[Data items]

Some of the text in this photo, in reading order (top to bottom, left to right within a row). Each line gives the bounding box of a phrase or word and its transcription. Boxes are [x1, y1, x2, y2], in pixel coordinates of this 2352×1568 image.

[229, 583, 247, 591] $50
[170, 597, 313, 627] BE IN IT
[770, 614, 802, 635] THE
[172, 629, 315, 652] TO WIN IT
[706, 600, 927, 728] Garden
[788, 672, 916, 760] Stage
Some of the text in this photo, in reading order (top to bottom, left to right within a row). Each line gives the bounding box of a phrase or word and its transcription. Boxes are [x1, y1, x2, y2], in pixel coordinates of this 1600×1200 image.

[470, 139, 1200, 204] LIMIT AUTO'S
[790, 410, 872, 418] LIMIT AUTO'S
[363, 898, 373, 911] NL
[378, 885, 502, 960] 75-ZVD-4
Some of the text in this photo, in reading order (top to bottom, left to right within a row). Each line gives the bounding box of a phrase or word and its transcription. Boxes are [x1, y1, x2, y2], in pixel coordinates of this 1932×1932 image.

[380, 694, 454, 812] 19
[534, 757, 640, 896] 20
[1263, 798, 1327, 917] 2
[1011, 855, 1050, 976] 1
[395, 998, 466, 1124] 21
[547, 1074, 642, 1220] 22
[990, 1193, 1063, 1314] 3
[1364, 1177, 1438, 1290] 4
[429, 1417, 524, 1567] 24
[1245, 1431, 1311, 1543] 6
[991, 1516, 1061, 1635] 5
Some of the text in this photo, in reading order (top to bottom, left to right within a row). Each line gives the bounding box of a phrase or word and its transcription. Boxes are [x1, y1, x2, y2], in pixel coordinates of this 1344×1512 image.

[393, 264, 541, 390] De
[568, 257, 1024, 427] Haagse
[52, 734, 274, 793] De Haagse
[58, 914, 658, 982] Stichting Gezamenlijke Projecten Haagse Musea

> [What the task asks]: Set down all of the data above, word for word.

> [Answer for the task]:
Some of the text in this photo, in reading order (top to bottom, left to right within a row). Each line gives the bounding box of a phrase or word and its transcription. Boxes are [x1, y1, x2, y2], in pixel coordinates of this 2352×1568 image.

[229, 583, 247, 591] $50
[170, 597, 313, 627] BE IN IT
[770, 614, 802, 635] THE
[172, 629, 315, 652] TO WIN IT
[706, 600, 927, 728] Garden
[788, 672, 916, 760] Stage
Some of the text in this photo, in reading order (top to bottom, left to right within a row). Each line gives the bounding box of a phrase or word and its transcription. Boxes are [x1, y1, x2, y2], in pixel coordinates of this 1600×1200 image.

[470, 139, 1200, 204] LIMIT AUTO'S
[790, 410, 872, 418] LIMIT AUTO'S
[363, 898, 373, 911] NL
[378, 885, 502, 960] 75-ZVD-4
Some of the text in this photo, in reading order (top to bottom, left to right within a row). Each line gives the bounding box of a phrase or word and its transcription. Boxes are [x1, y1, x2, y2], in pixel coordinates of this 1932×1932 image.

[380, 694, 454, 812] 19
[534, 757, 640, 896] 20
[1263, 798, 1327, 917] 2
[1011, 855, 1050, 976] 1
[395, 998, 466, 1124] 21
[547, 1074, 642, 1220] 22
[990, 1193, 1063, 1314] 3
[1364, 1177, 1438, 1290] 4
[429, 1417, 524, 1567] 24
[1245, 1431, 1311, 1543] 6
[991, 1516, 1061, 1635] 5
Some of the text in this photo, in reading order (top to bottom, left to right within a row). Each line gives the bounding box of a phrase or word and its transcription. Boxes are [x1, y1, x2, y2], in pixel coordinates of this 1344×1512 image.

[393, 264, 541, 390] De
[568, 257, 1024, 427] Haagse
[52, 734, 274, 793] De Haagse
[58, 914, 658, 982] Stichting Gezamenlijke Projecten Haagse Musea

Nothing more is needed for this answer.